Omakase Sushi Platter -Lobster with Lobster Miso, Sea Bream Two Ways, Dashi Maki Tamago (egg omelette), Egg Sweet Cake

Throwback to a special celebrating service for our customer the other day.
Fresh lobster, Sea bream and local free range eggs.

I love lobsters, what an amazing creature!
I cleaned the raw lobster which was caught by local fishermen called Kernow Sashimi just the day before.

A beautiful lobster tail.
Removed thin skin carefully.

For Edomae Sushi, we need to prepare a lot of curing in advance, it would not be exaggerated to say that our 90% of main works are preparations like curing and marinating.
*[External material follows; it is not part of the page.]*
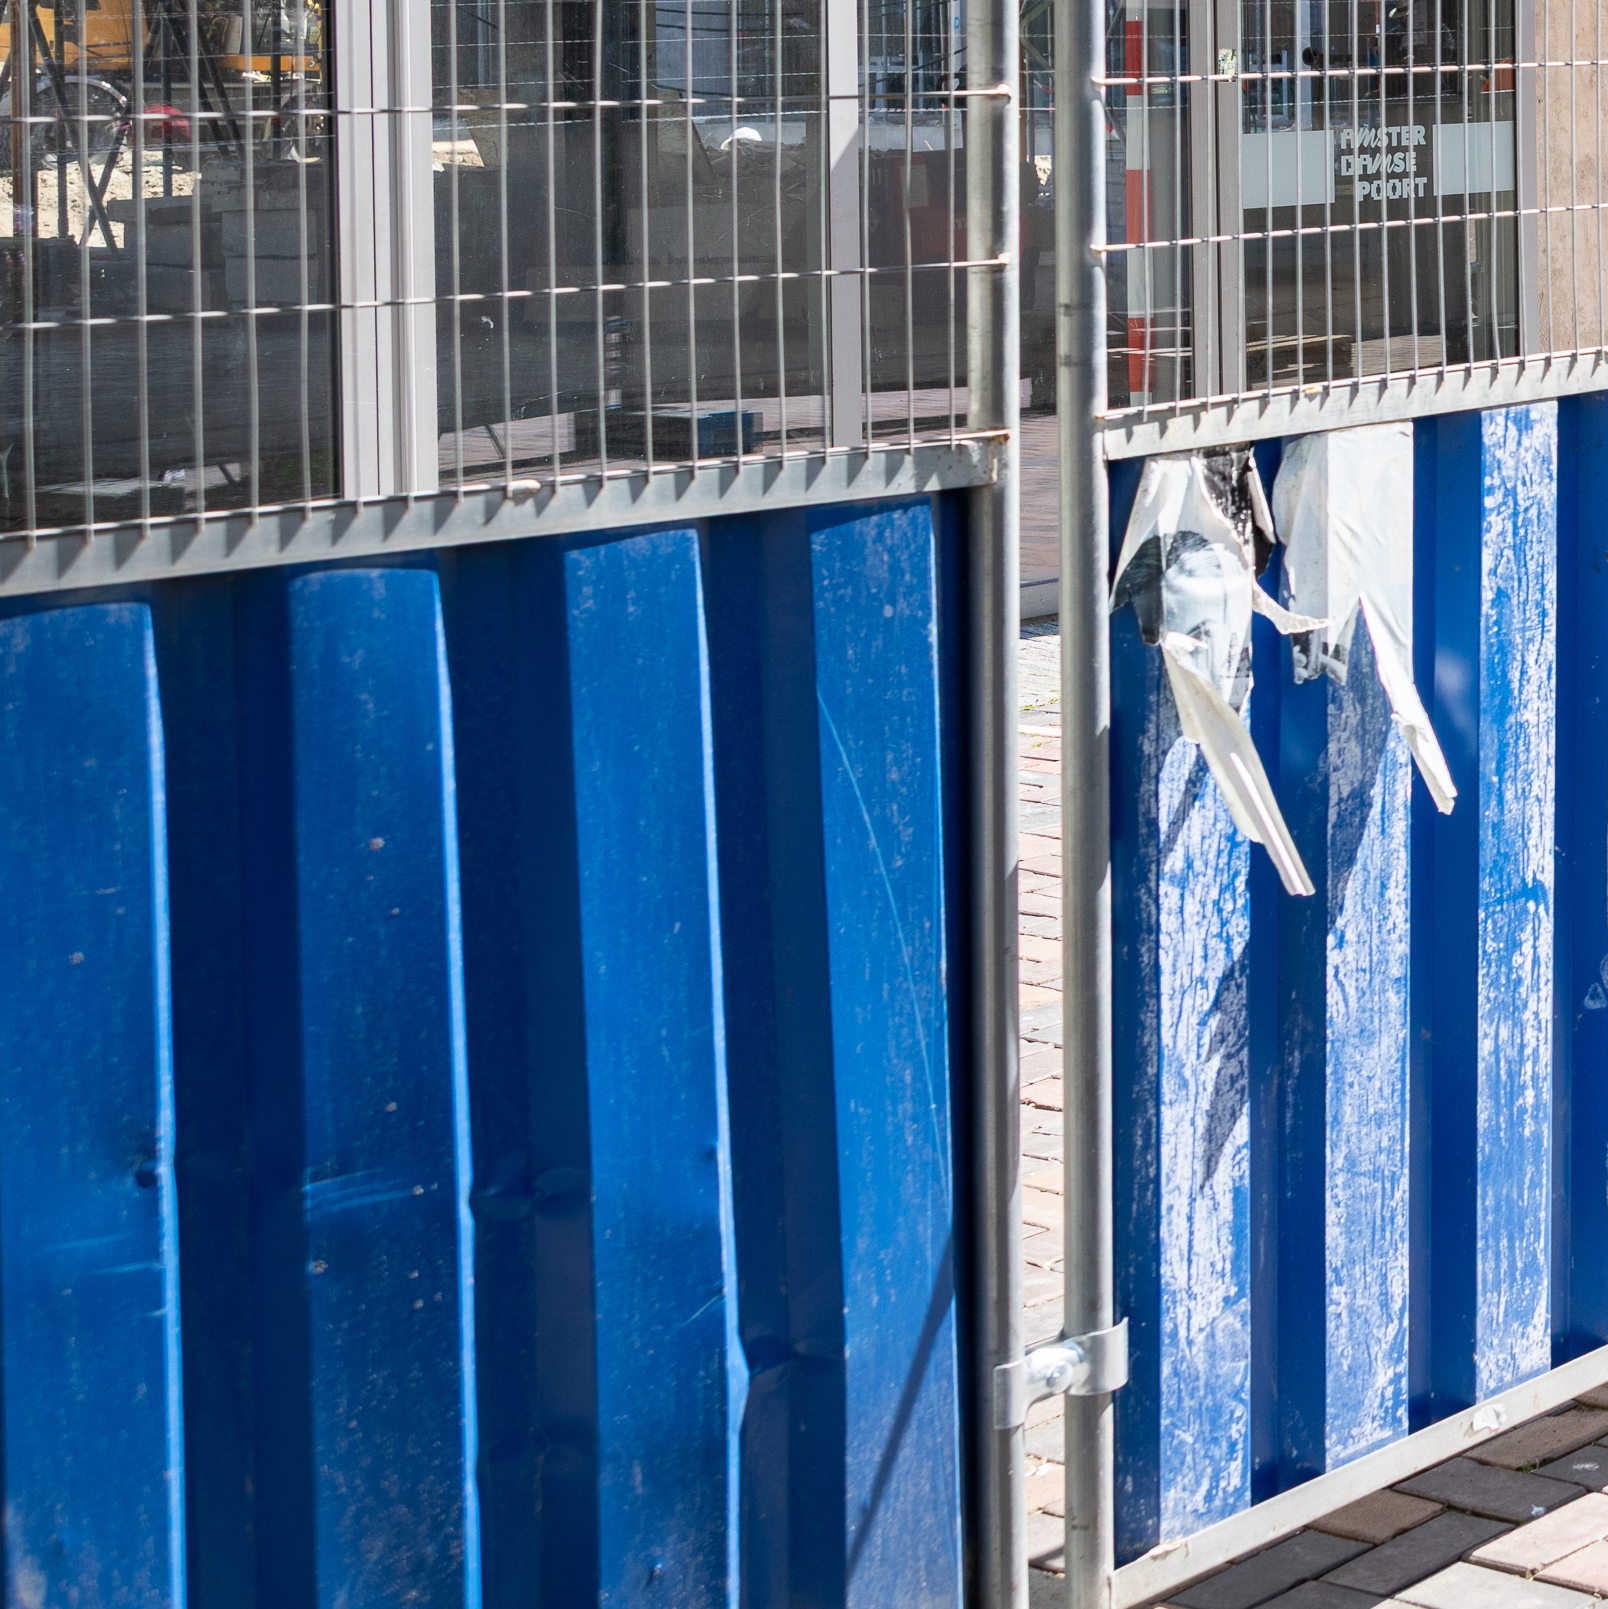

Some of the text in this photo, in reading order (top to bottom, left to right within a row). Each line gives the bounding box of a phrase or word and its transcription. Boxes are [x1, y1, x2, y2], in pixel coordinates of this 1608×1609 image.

Then finally we can start making sushi itself.

Sea Bream Nigiri with Tare (sweet soy sauce) and Alioli

Lightly Seared Sea Bream Nigiri with Sea salt and Lime

Lobster Nigiri with Lobster Miso (guts paste)

Dashi Maki Tamago Nigiri using local free range eggs of St Ewe

Wakame (seaweed) Salad with lobster meat and Ponzu dressing

And as a little breaking until a next dish, we served an egg sweet cake.

There are more various types of authentic sushi in Japan but these are one of very common types as well.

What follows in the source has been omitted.